A. General Background: 42 U.S.C. § 1395w–3 Medicare Competitive Bidding System for Certain Items and Services
In 2003, Congress amended Medicare to control costs for durable medical equipment, prosthetics, orthotics, and supplies, based in part on a conclusion that Medicare and beneficiaries were overpaying substantially for such items. H.R.Rep. No. 108–178, pt. II, at 144 (2003) (“The Office of Inspector General has documented that taxpayers and Medicare beneficiaries are paying millions more for durable medical equipment than other programs, such as the Federal Employees Health Benefit Program (FEHBP).”). The amendments required the Agency to phase in a competitive bidding system to replace an existing government-defined price schedule. Medicare Prescription Drug, Improvement, and Modernization Act, Pub.L. No. 108–173, title III, § 302(b)(1) (2003) (codified in part at 42 U.S.C. § 1395w–3). This change followed successful pilot studies in two cities and began with a first round of competitive bidding in ten large metropolitan areas. Balanced Budget Act of 1997, Pub.L. No. 105–33, § 4319 (authorizing pilot studies); 42 U.S.C. § 1395w3(a)(1)(B)(i)(I) (requiring a limited area, first-round program in 2007). Congress then received feedback, issued further amendments, and provided by statute that the first round contracts were to be re-bid in a second round. Medicare Improvements for Patients and Providers Act of 2008, Pub.L. No. 110–275; see generally Texas Alliance for Home Care Servs. v. Sebelius, 681 F.3d 402, 405–06 (D.C.Cir.2012) (discussing the genesis and evolution of the durable medical equipment competitive pricing program). Later, the second round took place and included many additional geographic bidding areas. The Minneapolis–St. Paul area is a second-round bidding area.

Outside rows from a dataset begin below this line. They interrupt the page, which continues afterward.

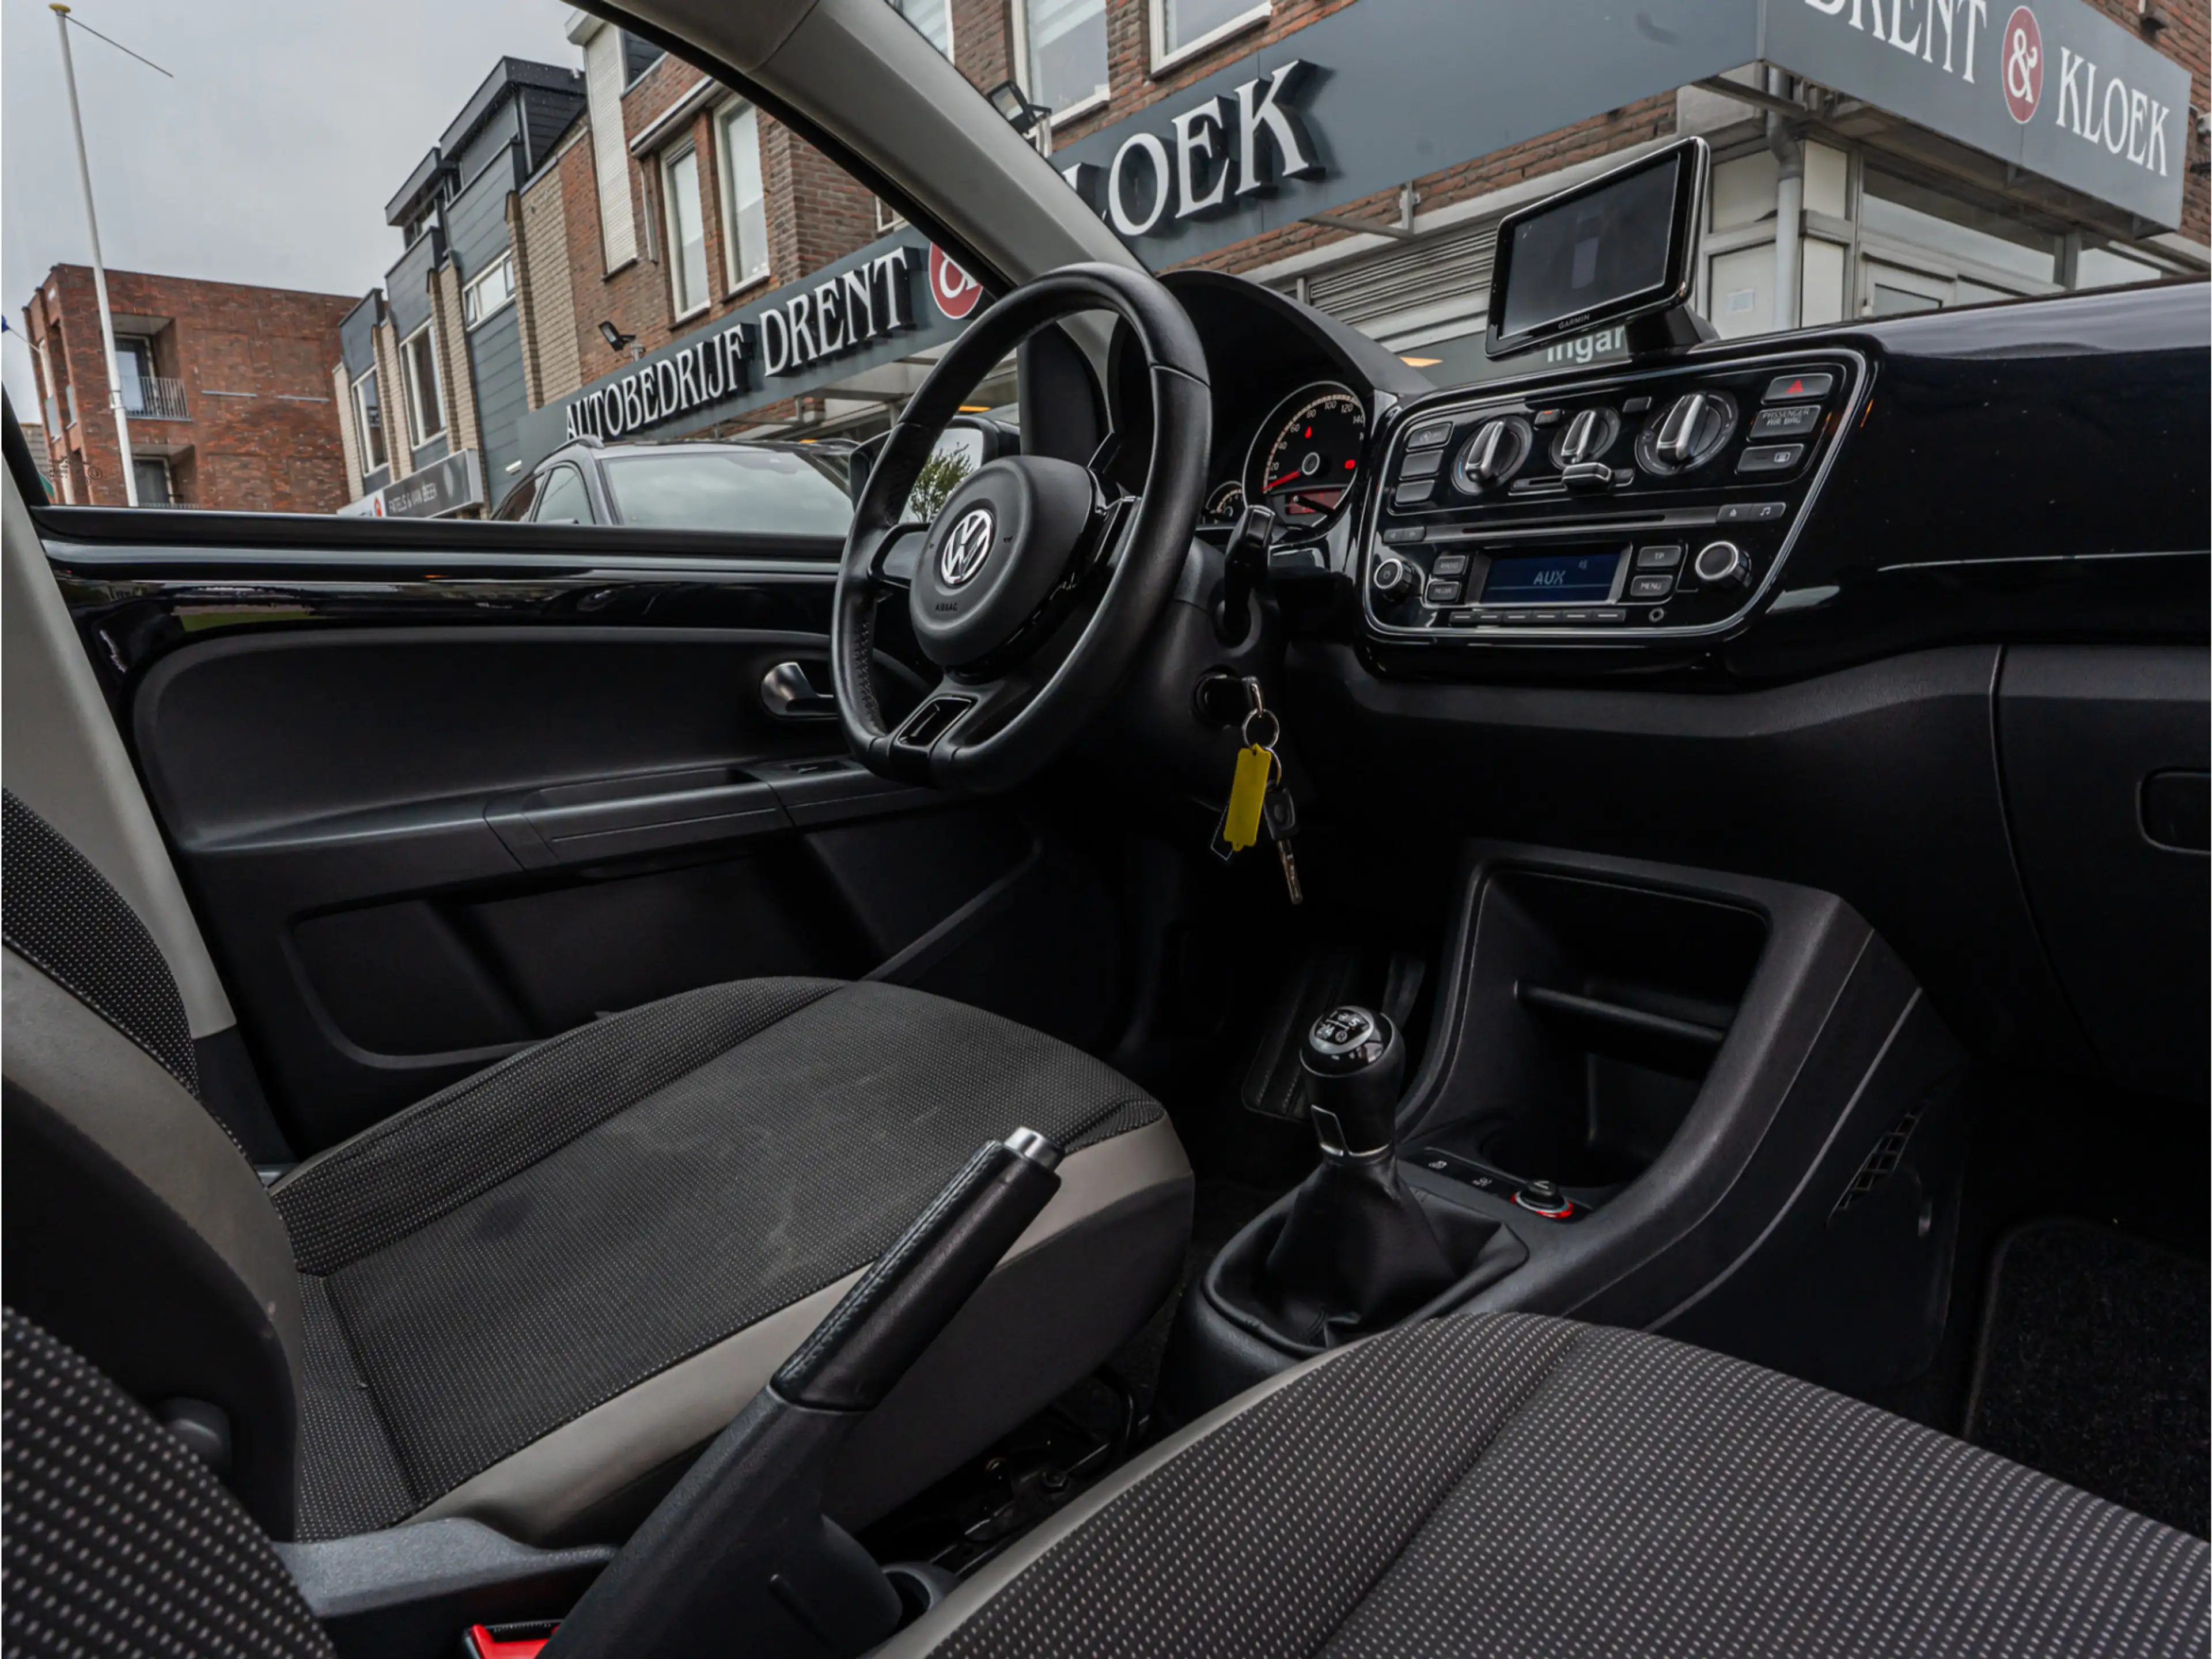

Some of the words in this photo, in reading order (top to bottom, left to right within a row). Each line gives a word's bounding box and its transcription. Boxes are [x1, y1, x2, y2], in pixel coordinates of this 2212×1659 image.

[1805, 0, 1987, 84] ENT
[2008, 29, 2037, 103] &
[2056, 47, 2171, 176] KLOEK
[1558, 314, 1590, 329] GARMIN
[567, 324, 744, 441] AUTOBEDRIJF
[760, 247, 907, 377] DRENT
[1325, 401, 1337, 410] 100
[1341, 404, 1353, 413] 120
[1306, 410, 1316, 418] 80
[1290, 423, 1300, 433] 60
[1270, 462, 1279, 470] 20
[1533, 571, 1566, 585] AUX
[1640, 582, 1661, 590] MENU
[1348, 1017, 1361, 1027] 5
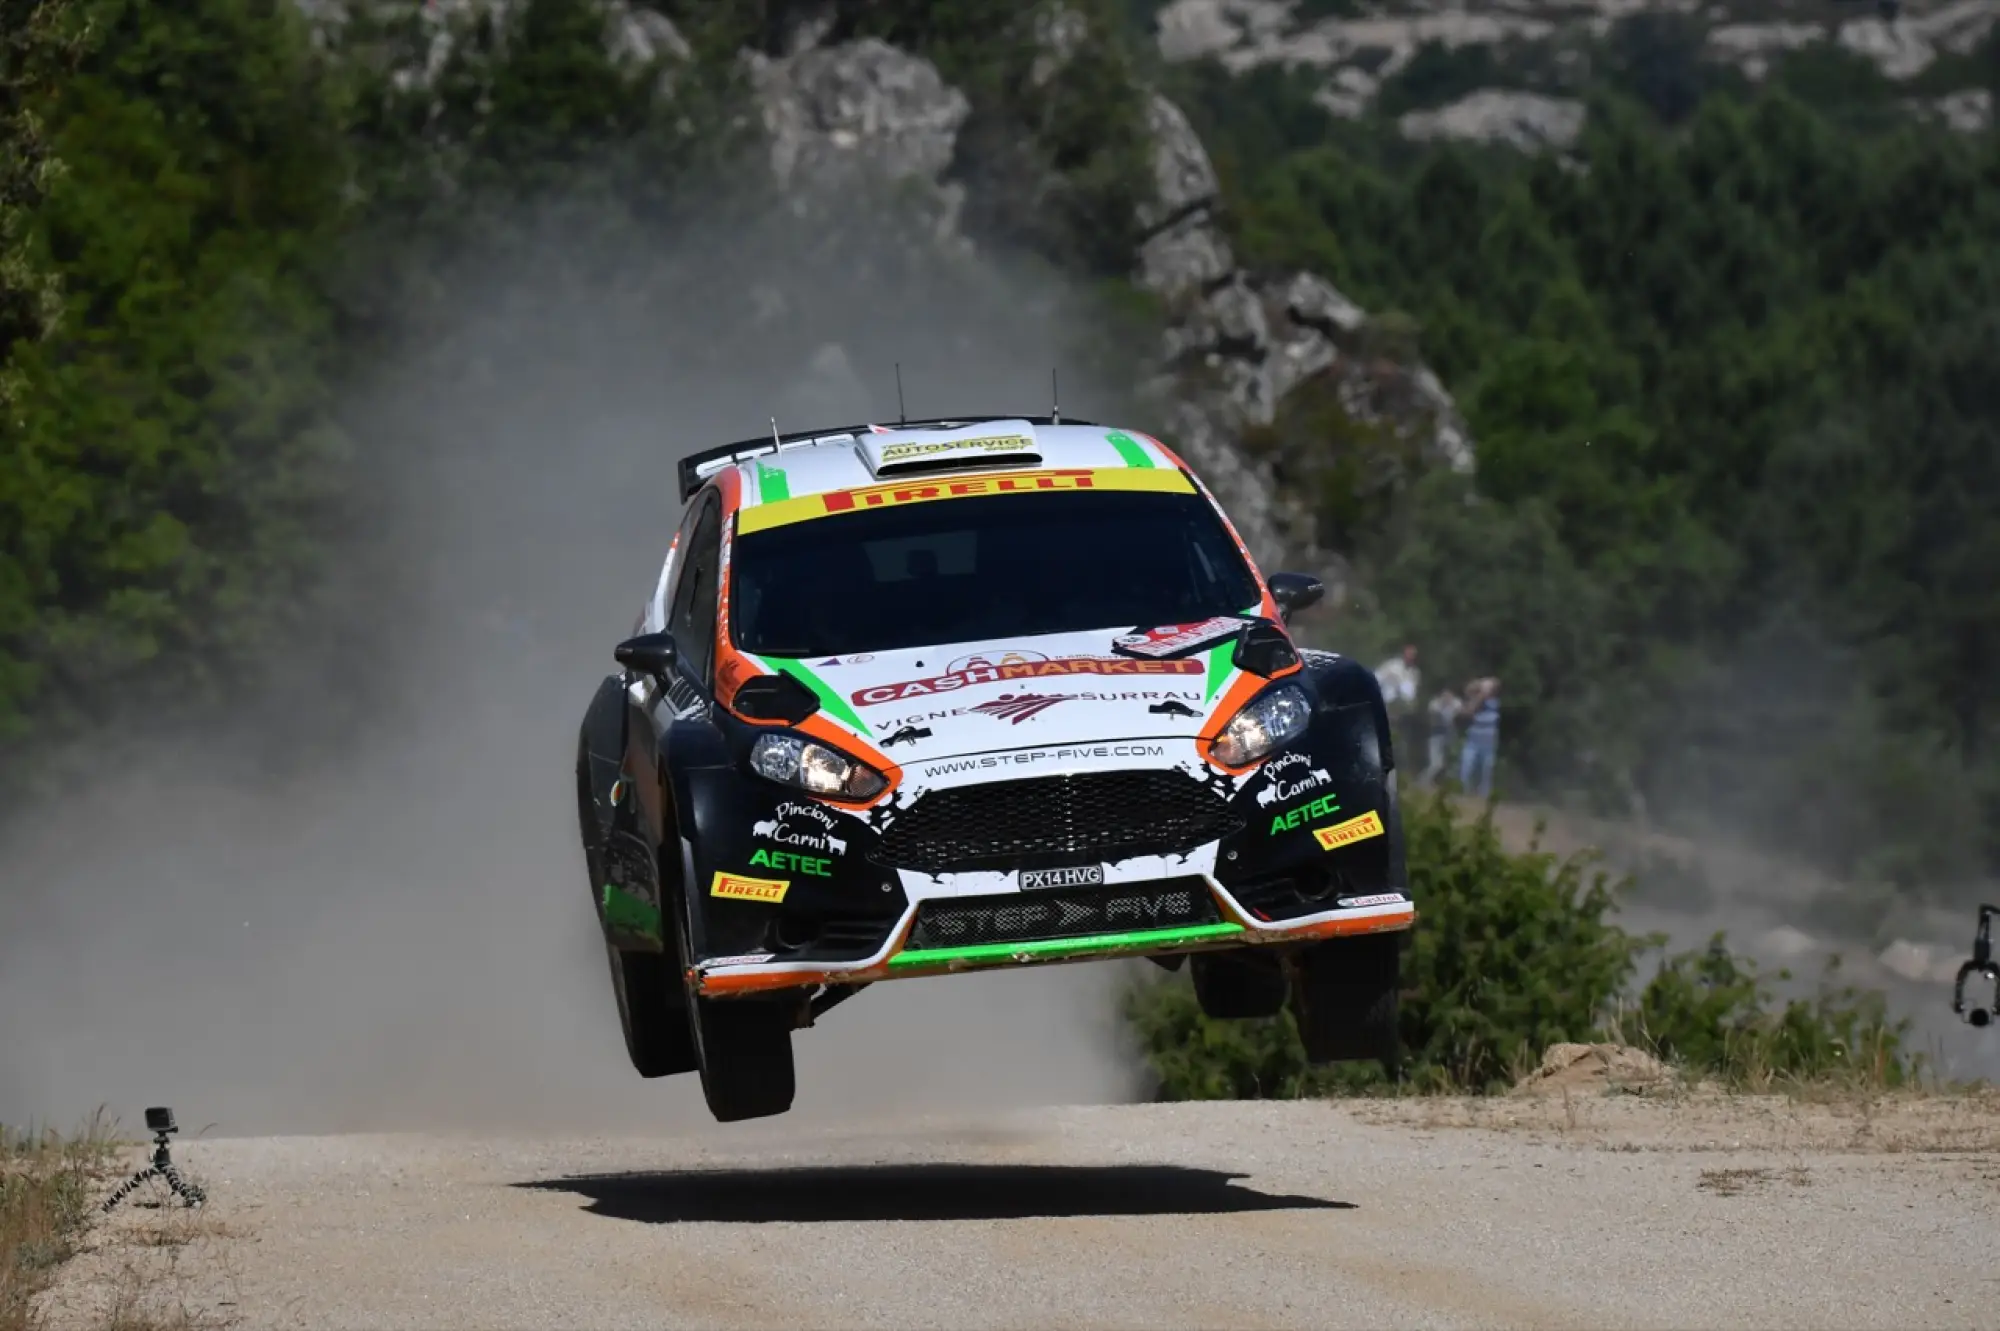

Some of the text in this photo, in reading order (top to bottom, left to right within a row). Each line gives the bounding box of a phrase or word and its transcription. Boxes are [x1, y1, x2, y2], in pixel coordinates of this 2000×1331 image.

[882, 438, 1033, 457] AUTOSERVICE
[823, 469, 1095, 512] PIRELLI
[874, 690, 1202, 731] VIGNE SURRAU
[924, 745, 1164, 777] WWW.STEP-FIVE.COM
[1264, 751, 1312, 781] Pincioni
[1276, 771, 1316, 800] Carni
[775, 801, 838, 830] Pincioni
[1270, 794, 1340, 835] AETEC
[774, 824, 826, 849] Carni
[1322, 816, 1377, 845] PIRELLI
[749, 848, 832, 877] AETEC
[1022, 866, 1101, 888] PX14 HVG
[718, 876, 782, 898] PIRELLI
[935, 903, 1049, 936] STEP

Because Key Medical primarily advances an ultra vires argument, it is important to note the plain text and overall structure of the amendments which show the extent and nature of authority granted to the agency. Congress tasked the Agency with a broad and general mandate to “establish and implement programs under which competitive acquisition areas are established throughout the United States for ․ the furnishing under this part of competitively priced items and services.” 42 U.S.C. § 1395w–3(a)(1)(A). In doing so, Congress granted relatively unconstrained authority to the Agency as to many issues, while narrowly defining and limiting authority as to other issues. This is evident in the statute's use of the terms “may” to identify factors for the Agency's discretionary consideration; “shall” to identify mandatory tasks; and “may not” or “shall not” to identify prohibited actions.
For example, 42 U.S.C. § 1395w–3 sub-parts (b)(4)(A) and (b)(4)(B), read together, show that the Secretary “may” limit the number of contractors awarded contracts for a bidding area, but “shall” grant contracts to multiple entities (i.e., the number of contractors may be reduced, but must be kept greater than one). Also, Congress gave the Agency discretion to choose products for inclusion in the competitive bidding system and expressly authorized—but did not require—the Agency to evaluate the relative medical efficacy of different items for inclusion, exclusion, or grouping purposes. See 42 U.S.C. § 1395w–3(b)(7) (“The Secretary may consider the clinical efficiency and value of specific items within codes, including whether some items have a greater therapeutic advantage to individuals.”) (emphases added). Similarly, Congress granted the Agency the authority (“may establish”) but not the obligation to specify certain items for exemption from competitive bidding and also to leave the use and “mode of delivery” of such items to physician discretion. See id. § 1395w–3(a)(5)(A). As these last two citations illustrate, Congress empowered the Agency to exercise its judgment and discretion in choosing the items that would be subjected to competitive bidding (and what items, due to perceived medical necessity, would not). Further, Congress prohibited payments to vendors who had not submitted bids for items and services and who had not been awarded contracts by the Agency. Id. § 1395w–3(b)(6)(A) (“payment shall not be made ․”).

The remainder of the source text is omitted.